Data under study: Begin

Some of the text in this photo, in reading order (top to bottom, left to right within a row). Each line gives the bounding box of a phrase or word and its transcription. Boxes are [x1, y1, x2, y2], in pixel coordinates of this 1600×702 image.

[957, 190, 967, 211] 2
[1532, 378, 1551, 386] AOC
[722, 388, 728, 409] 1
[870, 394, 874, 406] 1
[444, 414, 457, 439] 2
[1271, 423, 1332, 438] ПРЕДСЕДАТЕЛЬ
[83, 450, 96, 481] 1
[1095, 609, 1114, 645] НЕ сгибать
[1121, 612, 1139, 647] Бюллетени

Data under study: End

## Exercise goal
Copy out the entries in full, exactly as they appear.

## Solution for this problem
Some of the text in this photo, in reading order (top to bottom, left to right within a row). Each line gives the bounding box of a phrase or word and its transcription. Boxes are [x1, y1, x2, y2], in pixel coordinates of this 1600×702 image.

[957, 190, 967, 211] 2
[1532, 378, 1551, 386] AOC
[722, 388, 728, 409] 1
[870, 394, 874, 406] 1
[444, 414, 457, 439] 2
[1271, 423, 1332, 438] ПРЕДСЕДАТЕЛЬ
[83, 450, 96, 481] 1
[1095, 609, 1114, 645] НЕ сгибать
[1121, 612, 1139, 647] Бюллетени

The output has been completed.